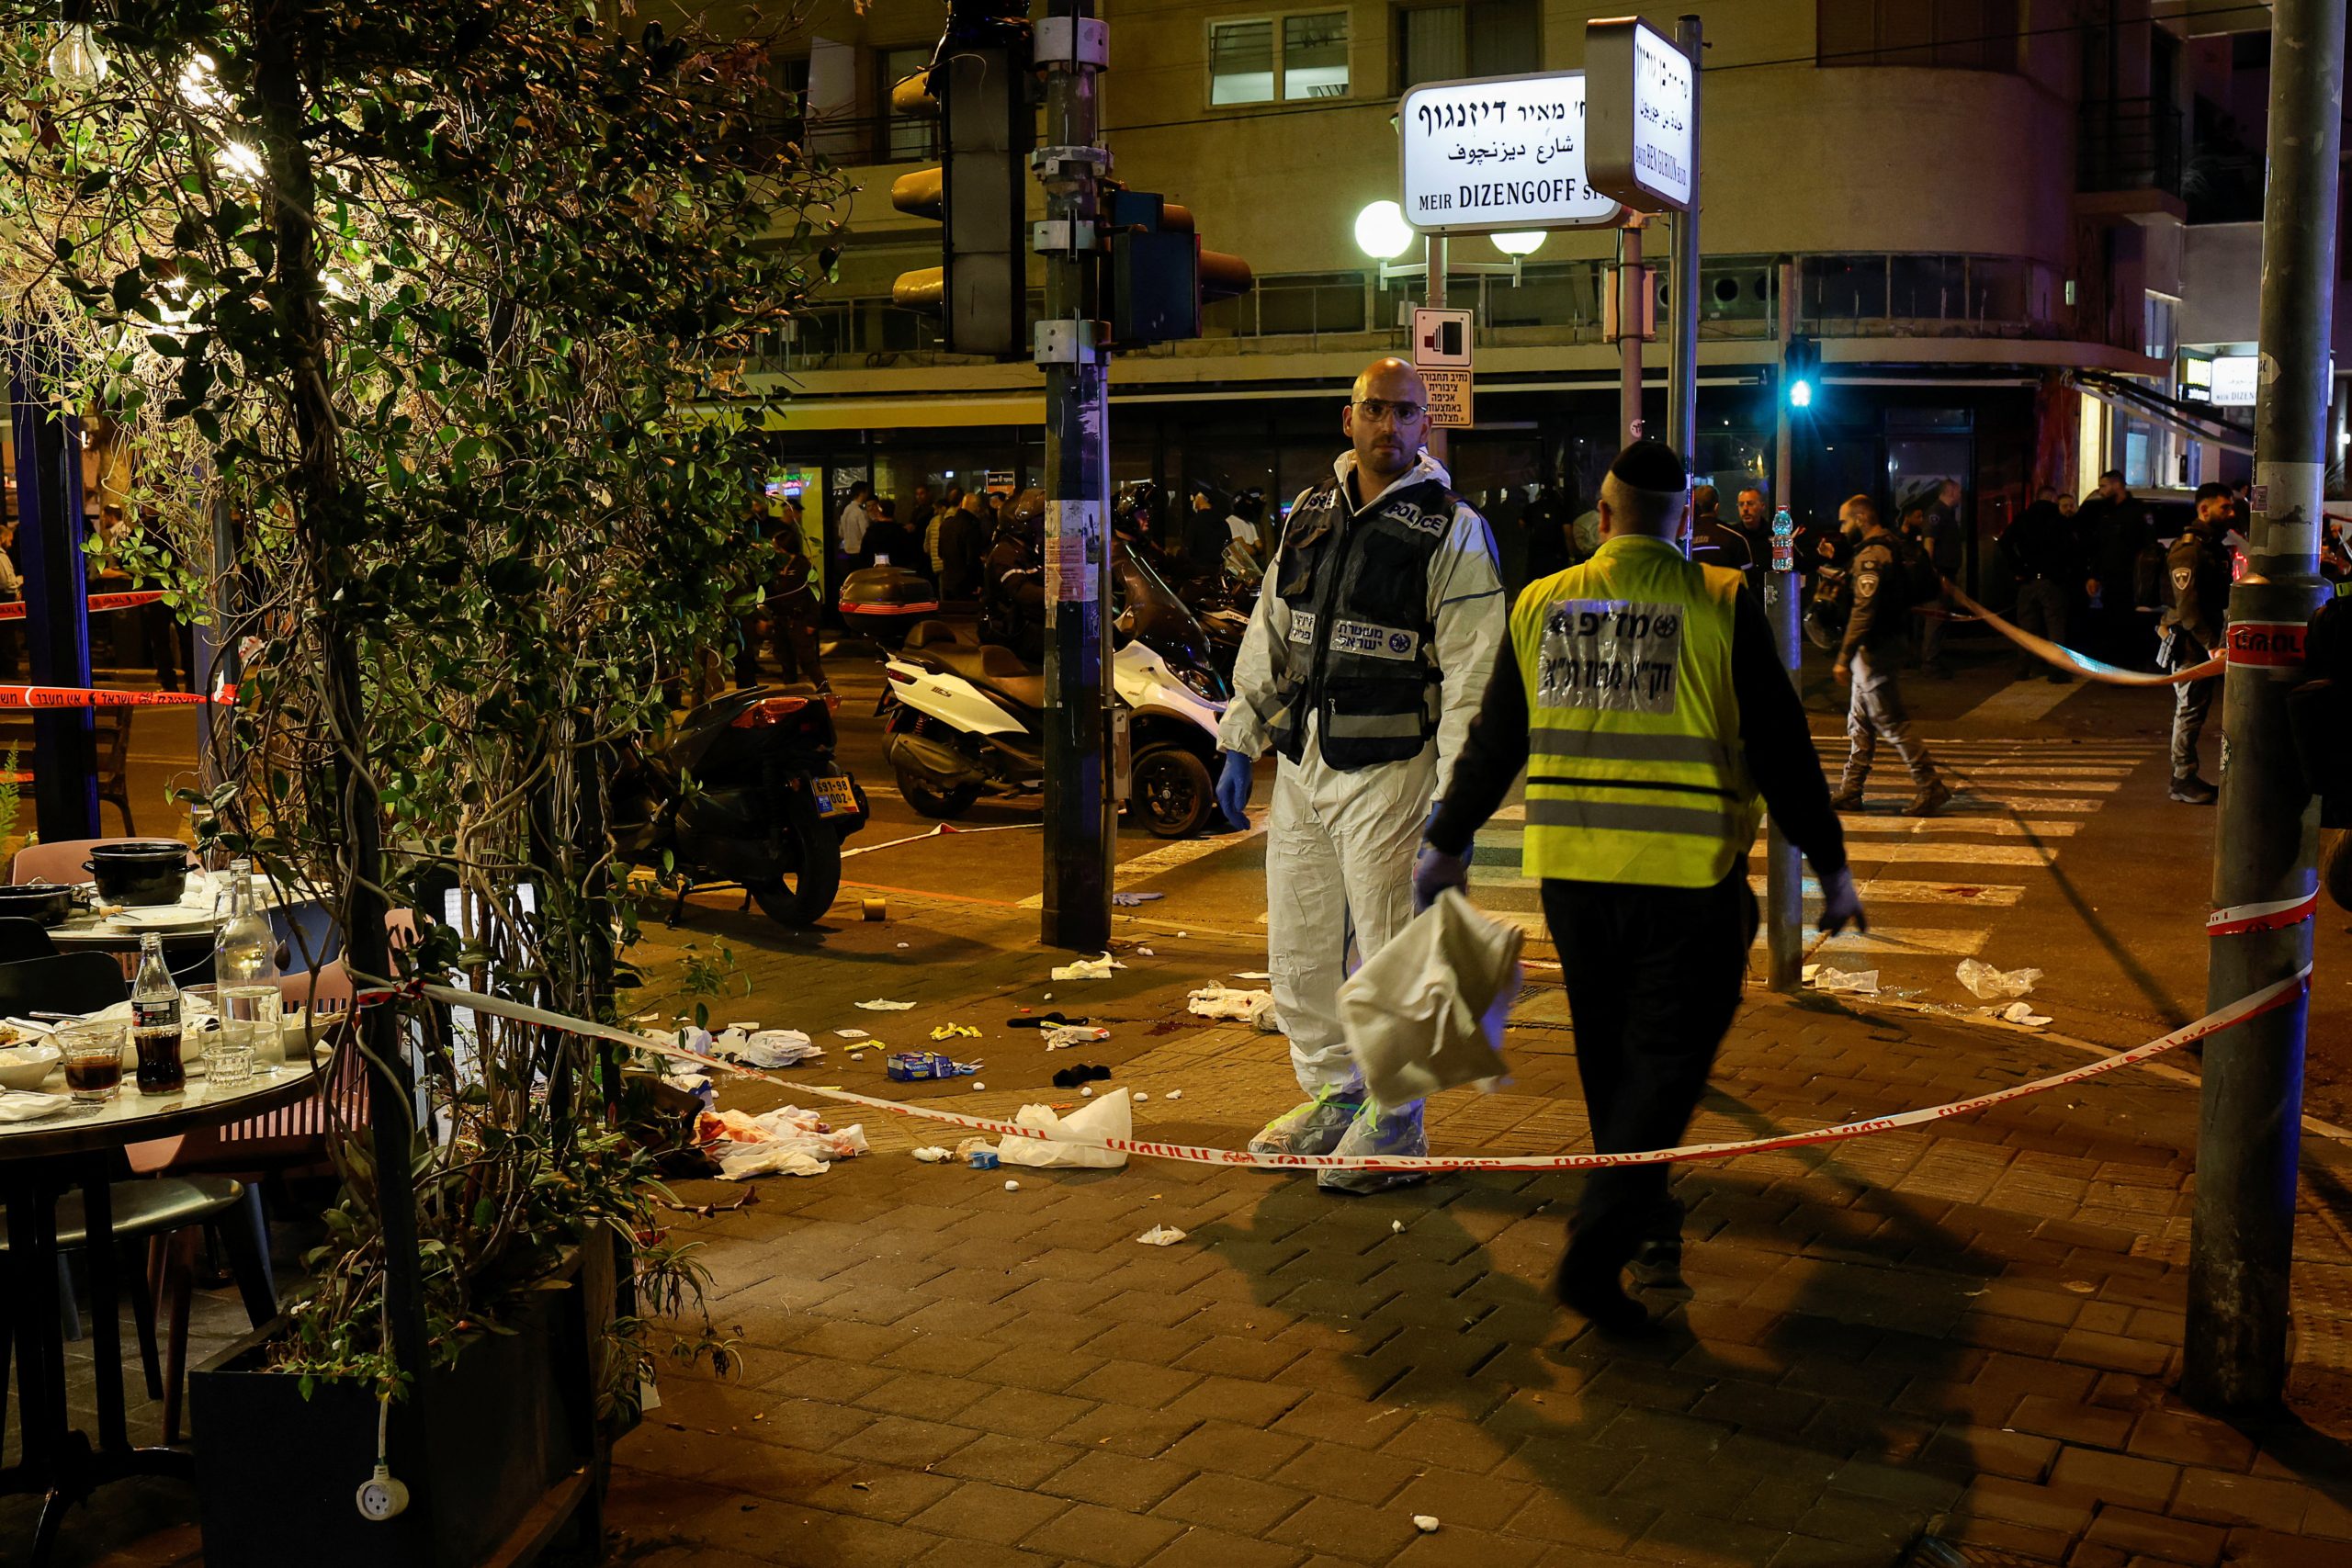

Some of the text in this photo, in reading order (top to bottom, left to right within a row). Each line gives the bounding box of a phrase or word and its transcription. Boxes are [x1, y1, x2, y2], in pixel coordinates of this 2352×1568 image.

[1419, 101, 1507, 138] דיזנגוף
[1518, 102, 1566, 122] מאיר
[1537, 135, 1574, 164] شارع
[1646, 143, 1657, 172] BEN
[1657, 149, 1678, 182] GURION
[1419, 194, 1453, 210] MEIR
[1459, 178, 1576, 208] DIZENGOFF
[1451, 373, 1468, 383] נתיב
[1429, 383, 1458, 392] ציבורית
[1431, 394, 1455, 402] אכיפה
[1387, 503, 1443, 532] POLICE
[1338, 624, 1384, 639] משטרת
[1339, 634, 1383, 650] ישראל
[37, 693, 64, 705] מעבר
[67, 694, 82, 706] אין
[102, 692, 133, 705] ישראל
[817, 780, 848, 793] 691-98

===============

EXERCISE AIM:
Transcribe the listing above exactly, leaving every picture out.

EXPECTED ANSWER:
Some of the text in this photo, in reading order (top to bottom, left to right within a row). Each line gives the bounding box of a phrase or word and its transcription. Boxes are [x1, y1, x2, y2], in pixel coordinates of this 2352×1568 image.

[1419, 101, 1507, 138] דיזנגוף
[1518, 102, 1566, 122] מאיר
[1537, 135, 1574, 164] شارع
[1646, 143, 1657, 172] BEN
[1657, 149, 1678, 182] GURION
[1419, 194, 1453, 210] MEIR
[1459, 178, 1576, 208] DIZENGOFF
[1451, 373, 1468, 383] נתיב
[1429, 383, 1458, 392] ציבורית
[1431, 394, 1455, 402] אכיפה
[1387, 503, 1443, 532] POLICE
[1338, 624, 1384, 639] משטרת
[1339, 634, 1383, 650] ישראל
[37, 693, 64, 705] מעבר
[67, 694, 82, 706] אין
[102, 692, 133, 705] ישראל
[817, 780, 848, 793] 691-98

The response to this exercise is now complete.